In Harmonium

Being in the main the musings of a Symbolic Anthropologist

Reorganizing the HTS

Posted By on January 24, 2010

A new briefing on how the Human Terrain System has surfaced in a story by John Stanton over at Cryptome (thanks for sending me the note, John!).  As any of my students know, I dislike large powerpoint presentations and can spend hours talking about a single slide.  This presentation, at 133 slides, is, IMO, somewhat mind numbing.  as John notes:

They are audacious and excellent documents whose purpose seems to be to convince command and funding sources that HTS principals have been working since at least 2008 to improve recruiting practices (rigid check of qualifications), training methodologies (going Socratic, modular and phased) and logistics practices (housing, deployment, transport, move to Kansas City).

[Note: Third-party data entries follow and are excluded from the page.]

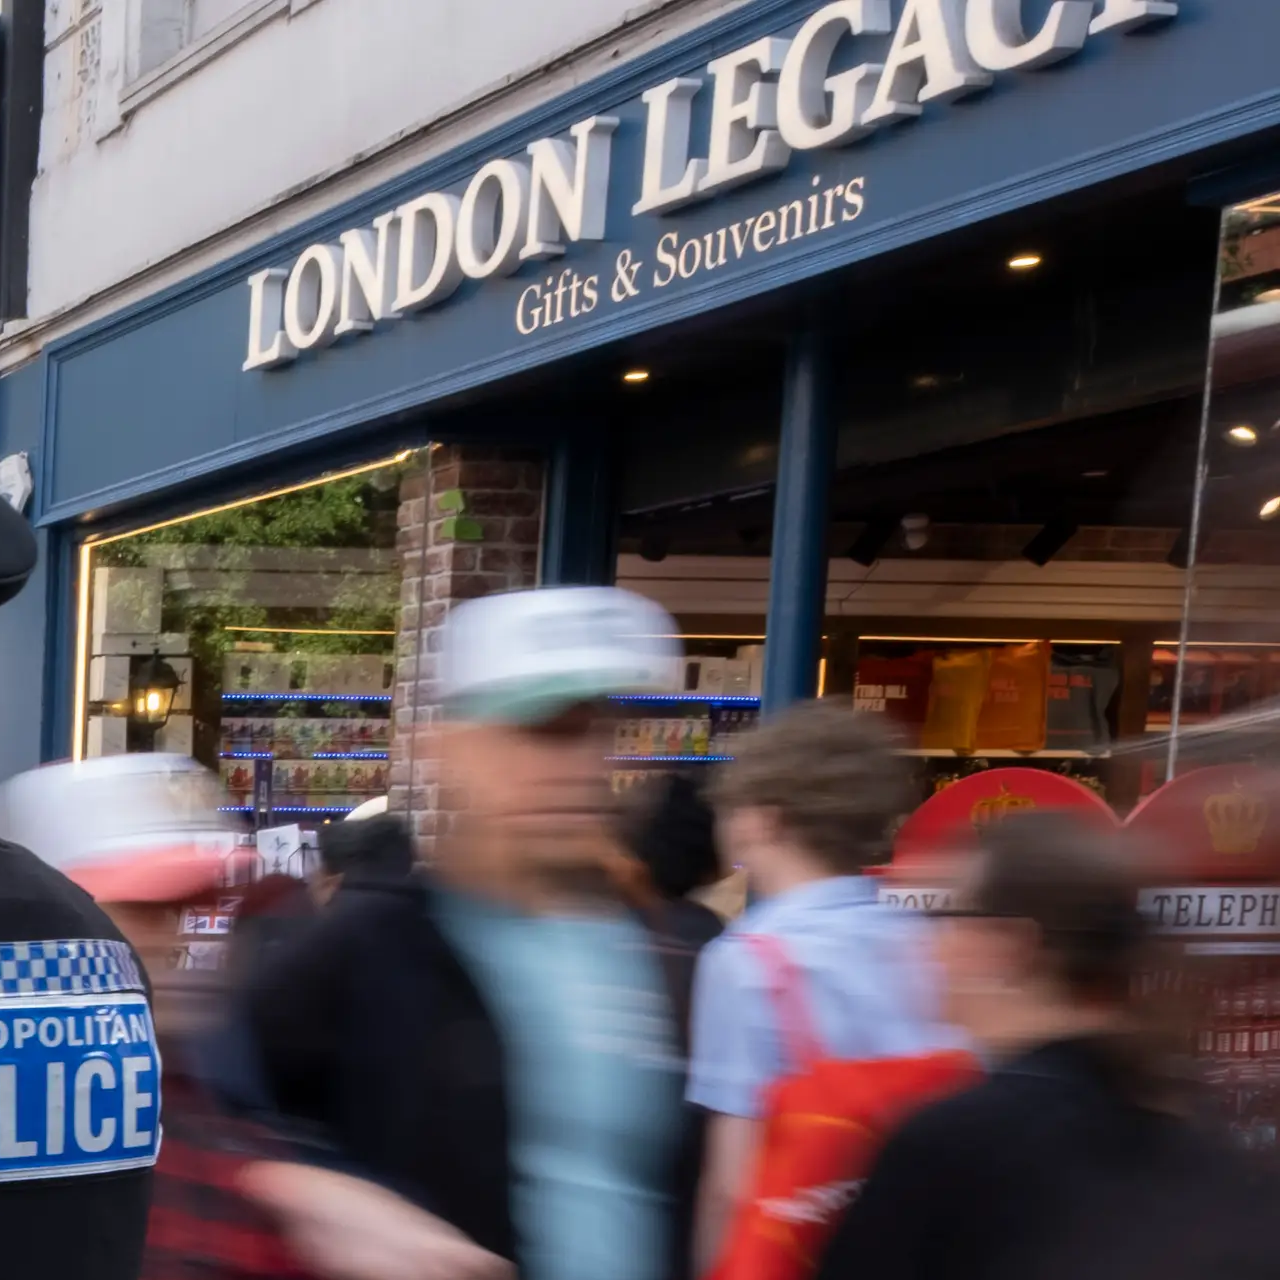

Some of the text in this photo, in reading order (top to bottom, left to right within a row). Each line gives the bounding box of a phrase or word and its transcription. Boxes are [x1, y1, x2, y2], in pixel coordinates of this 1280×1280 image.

[242, 0, 1178, 371] LONDON LEGAC
[515, 175, 865, 335] Gifts & Souvenirs
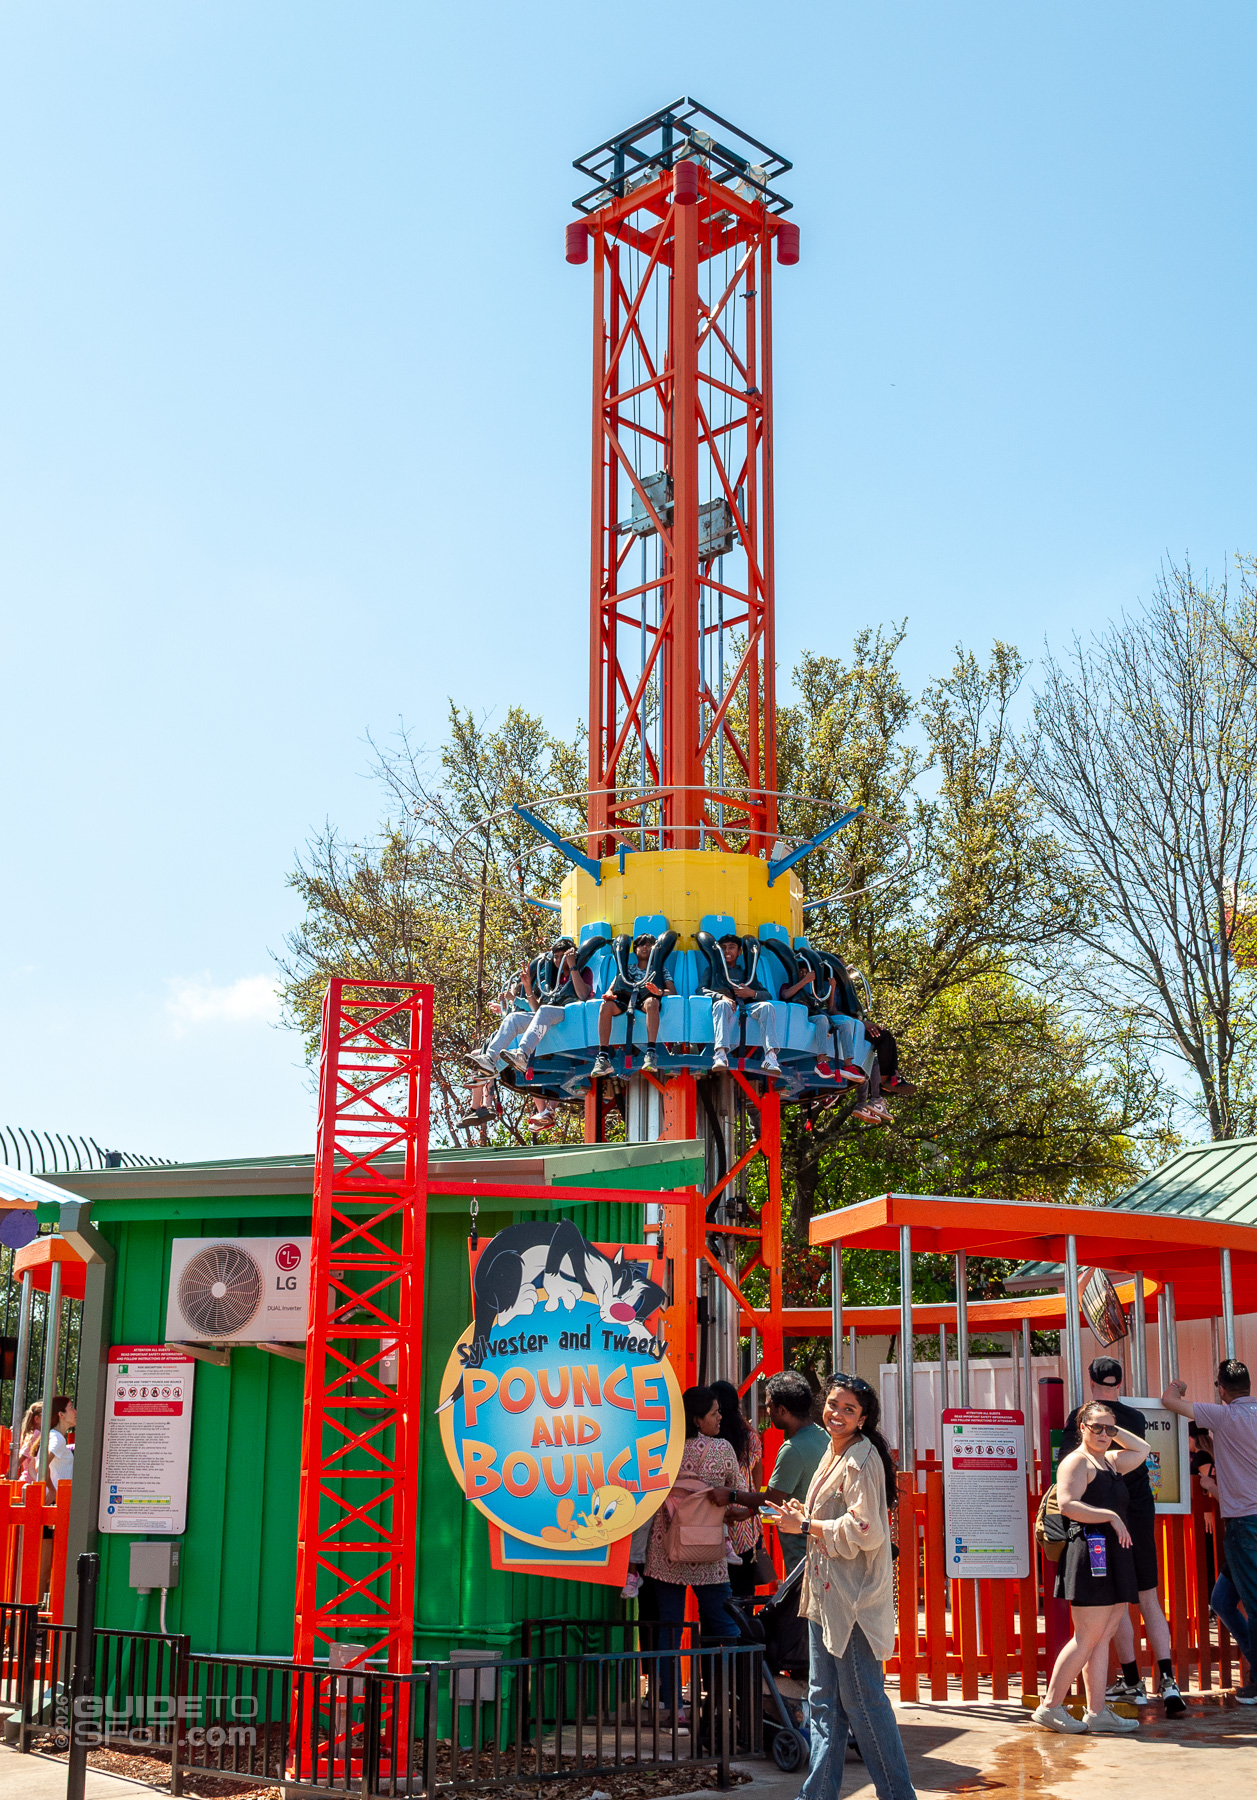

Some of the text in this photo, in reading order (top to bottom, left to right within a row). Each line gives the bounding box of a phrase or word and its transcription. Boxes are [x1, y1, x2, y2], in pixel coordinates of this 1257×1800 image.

[276, 1276, 297, 1290] LG
[456, 1323, 669, 1365] Sylvester and Tweety
[462, 1362, 667, 1428] POUNCE
[531, 1414, 601, 1448] AND
[1144, 1421, 1171, 1431] OME TO
[461, 1428, 671, 1501] BOUNCE

I must admit, the slide deck left me underwhelmed, most especially since everything listed in it should have been done at the start of the program.

Having got that out of the way (I have been in a somewhat “bitchy” mood recently as a result of other things going on in my life), there appear to be some good things proposed and I will admit that the comments from current HTS employees on slide 4 make me feel guardedly, hmmm, not optimistic but, shall we say, less pessimistic.

Reading through the entire deck (all 133 slides of it), one thing I did not find was how they are planning on building in quality control feedback loops including student communications.   The latter, a lack of some type of hassle-free student feedback loop, has been a serious problem for the training program, and one that does not appear to have been solved by their recent internal blog.

A second lack I noted was in the program evaluation area.  This deck deals primarily with a curriculum redesign, which is probably needed.  Fine, I understand that and appreciate that they are doing it.  But the redesign as outlined goes from design to implementation and appears to be curiously lacking in both testing phases and evaluation.  This is, IMO, a curious, and troubling, oversight.

One of the mantras of the corporate world is continuous improvement while, in the academic world, we constantly hear about continuous or lifelong learning.  I’m  certain we can quibble about whether or not any continuous improvement actually takes place in any given institution, but at least lip service is paid to the concept.  Indeed, TRADOC, which oversees the HTS, has adopted the concept with their emphasis on “adaptability” in PME.  So, why don’t we see it here?

If I were a cynic (which I am about 30% of the time ;-) ), I would point out that the HASC committee investigation of the HTS is due in about 6 weeks or so.  Is that “the” reason why this curriculum redevelopment plan has come out right now?  No, not “the” reason – I know that there has been a concern about the curriculum for several years now; but it may well be “a” reason for why this plan is circulating at the moment.


Comments

11 Responses to “Reorganizing the HTS”

  1. Minao says:

    The slide deck you are referring to was internal and not meant for outside of the program- that is clear. That said, it provides the public with only a small portion of information about the HTS program. The slides outline a curriculum redesign, which as it states, is what is to begin on the 25th- so doesn’t it stand to reason that checks and balances will be done during that “OPT”? Everything about the HTS program is adaptable and includes required “AARs”- after action reviews by the students once they return from their deployments; so just because it is not listed in this slide deck does not mean it does not happen. That can be said for a lot of the criticisms about HTS.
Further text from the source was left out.